# Batch file to open optical disk drives



## temporary (Aug 29, 2006)

I wanted to know if anyone can tell me how I can call upon the MCI to open/close the main optical disk drive.

The following link seems to offer some way of doing it in a regular program I think, but I couldnt get the offered commands to work in either cmd or a batch file.

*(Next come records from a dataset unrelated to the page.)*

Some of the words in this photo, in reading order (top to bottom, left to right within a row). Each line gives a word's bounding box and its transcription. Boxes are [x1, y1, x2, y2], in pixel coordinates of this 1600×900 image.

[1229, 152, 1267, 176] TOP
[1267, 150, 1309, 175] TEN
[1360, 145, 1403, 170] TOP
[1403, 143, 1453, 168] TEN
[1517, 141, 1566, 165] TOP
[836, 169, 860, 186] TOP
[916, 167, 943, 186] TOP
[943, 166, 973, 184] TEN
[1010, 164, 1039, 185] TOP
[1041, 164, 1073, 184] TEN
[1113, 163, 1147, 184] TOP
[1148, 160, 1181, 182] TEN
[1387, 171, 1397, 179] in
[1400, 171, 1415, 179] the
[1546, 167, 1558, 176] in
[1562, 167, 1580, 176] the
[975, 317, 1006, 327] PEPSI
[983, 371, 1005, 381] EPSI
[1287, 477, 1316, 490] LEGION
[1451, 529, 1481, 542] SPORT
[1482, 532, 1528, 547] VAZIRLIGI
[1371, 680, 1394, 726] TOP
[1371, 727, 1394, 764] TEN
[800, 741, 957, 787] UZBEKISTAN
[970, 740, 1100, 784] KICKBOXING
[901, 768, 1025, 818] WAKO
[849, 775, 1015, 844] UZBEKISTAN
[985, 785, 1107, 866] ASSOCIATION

http://nsis.sourceforge.net/wiki/Open_&_Close_Optical_Disk_Drive

Any help would be greatly appreciated!


----------



## blaqDeaph (Nov 22, 2005)

I don't think that those commands are meant for batch programs. You probably have to use rundll32.exe to run the functions directly from the command line.


----------



## Squashman (Apr 4, 2003)

Plenty of free command line tools to do this. You could also do it in Vbscript. A quick Google search will find you the answers.


----------



## temporary (Aug 29, 2006)

blaqDeaph, that info you gave me on the rundll.32 is great. I can use the dll commands in a batch file that offer poweful capabilities. I dont think I see one though that can open disk drives.


----------



## blaqDeaph (Nov 22, 2005)

temporary said:


> blaqDeaph, that info you gave me on the rundll.32 is great. I can use the dll commands in a batch file that offer poweful capabilities. I dont think I see one though that can open disk drives.

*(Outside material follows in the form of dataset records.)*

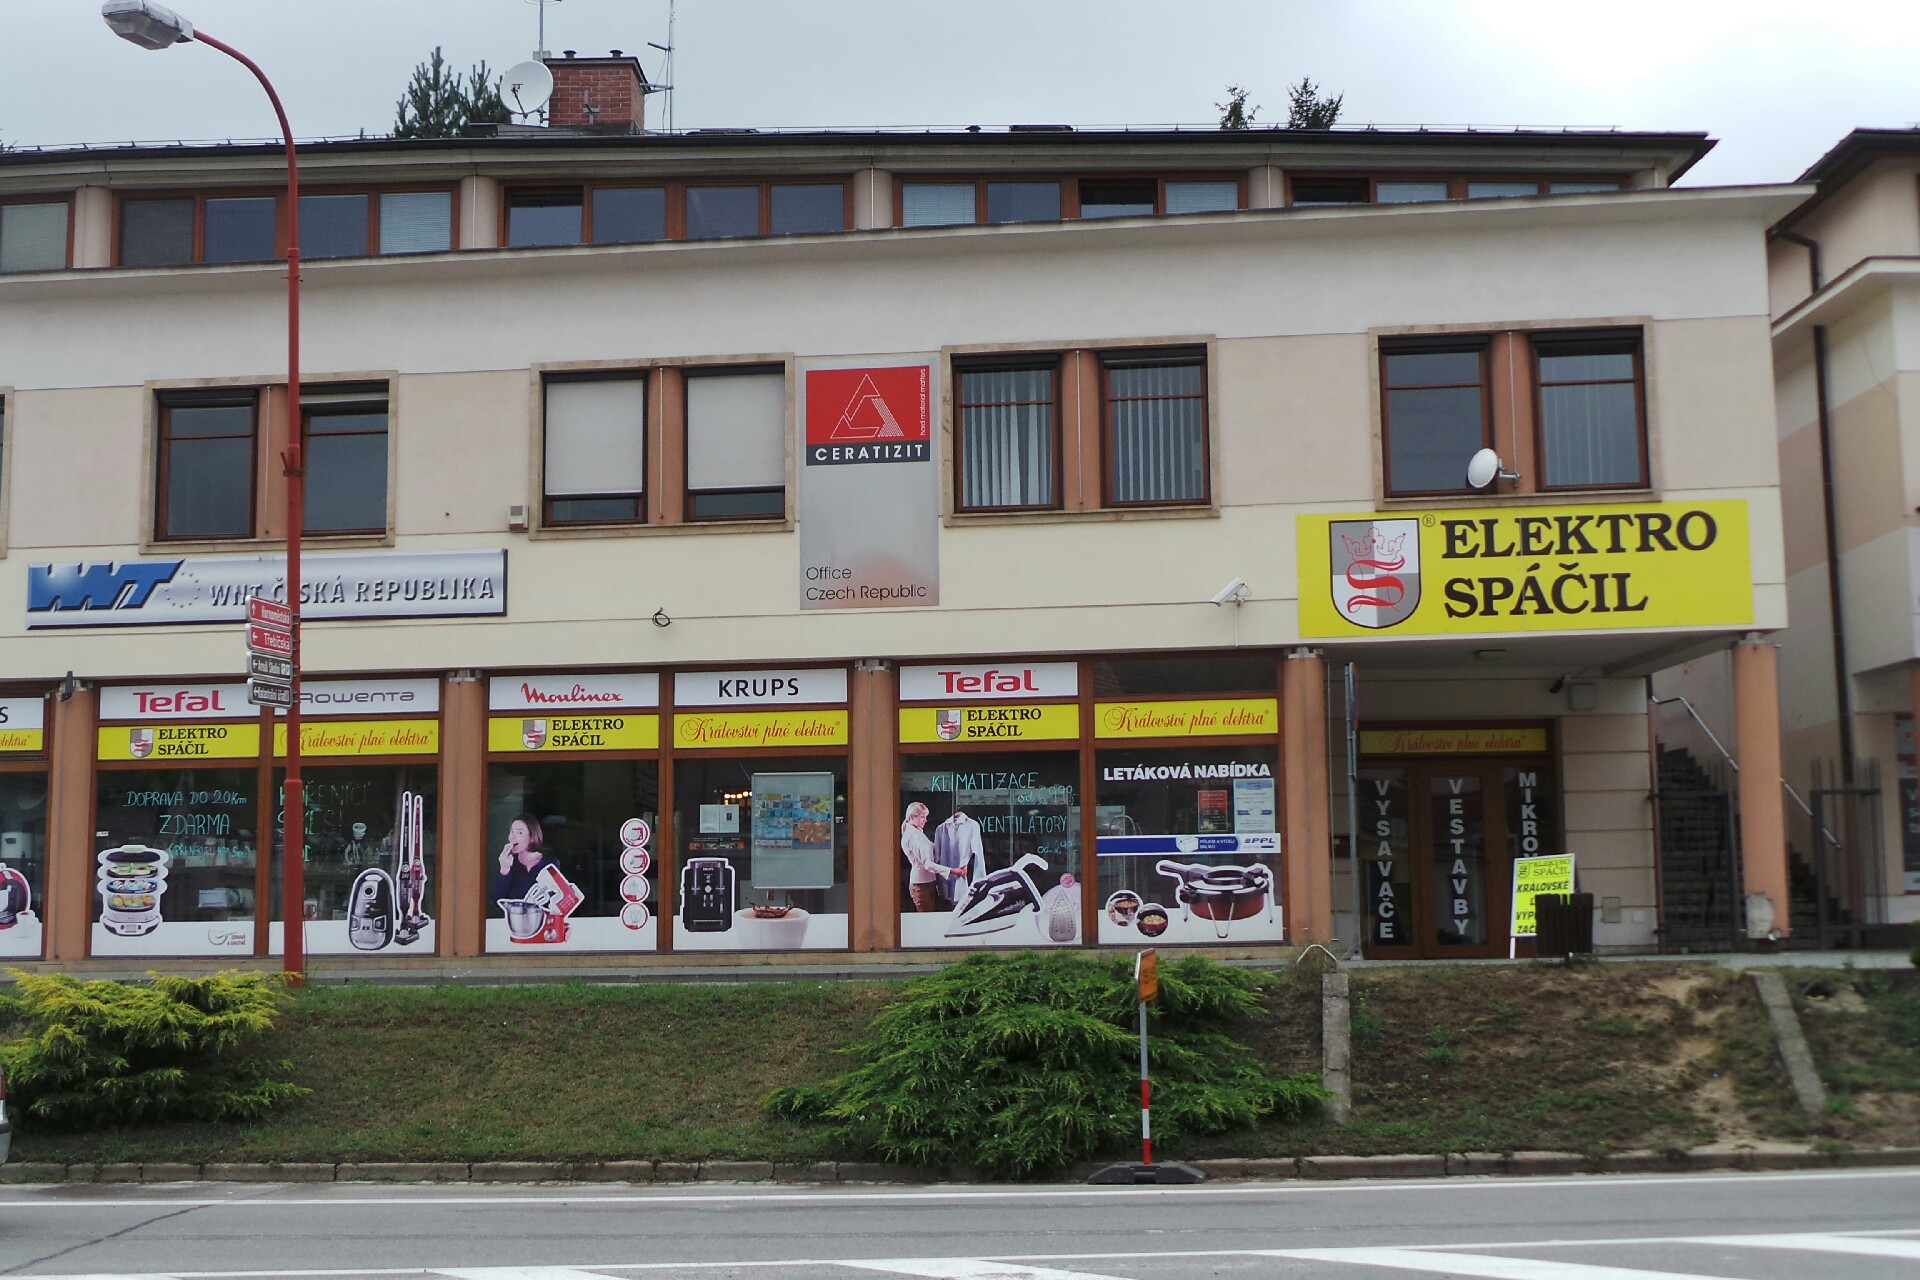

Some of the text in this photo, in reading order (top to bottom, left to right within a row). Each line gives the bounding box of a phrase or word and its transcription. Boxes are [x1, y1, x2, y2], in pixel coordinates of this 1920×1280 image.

[815, 444, 923, 460] CERATIZIT
[1441, 510, 1717, 559] ELEKTRO
[806, 566, 852, 580] Office
[209, 576, 495, 607] WNT ČSKÁ REPUBLIKA
[806, 584, 926, 601] Czech Republic
[1444, 562, 1649, 618] SPÁČIL
[718, 678, 799, 697] KRUPS
[938, 670, 1039, 693] Tefal
[133, 690, 226, 713] Tefal
[521, 683, 623, 703] Moulinex
[552, 718, 624, 731] ELEKTRO
[967, 708, 1042, 721] ELEKTRO
[1103, 706, 1186, 732] Království
[1189, 709, 1217, 734] plné
[158, 727, 228, 740] ELEKTRO
[552, 732, 605, 747] SPÁČIL
[680, 717, 760, 742] Království
[762, 720, 790, 744] plné
[967, 723, 1023, 737] SPÁČIL
[158, 740, 209, 755] SPÁČIL
[358, 730, 385, 753] plné
[1103, 761, 1271, 781] LETÁKOVÁ NABÍDKA
[931, 772, 1039, 793] KLIMATIZACE
[123, 790, 183, 807] DOPRAVA
[189, 791, 208, 804] DO
[159, 813, 230, 835] ZDARMA
[1519, 772, 1539, 857] MIKRO
[1375, 779, 1394, 939] VYSAVAČE
[1448, 778, 1470, 936] VESTAVBY
[1516, 909, 1535, 920] VÝP
[1517, 922, 1536, 934] ZAČ

It's a matter of locating the dll that the function is stored in, and passing that to rundll32. You can do things like shutdown the computer etc. I myself can't remember exactly where the function is located. Why don't you look at the MSDN's website for the MCISendCommand() function, and see where that's located.


----------



## Squashman (Apr 4, 2003)

http://www.myitforum.com/inc/upload/6416eject.zip

or Vbscript.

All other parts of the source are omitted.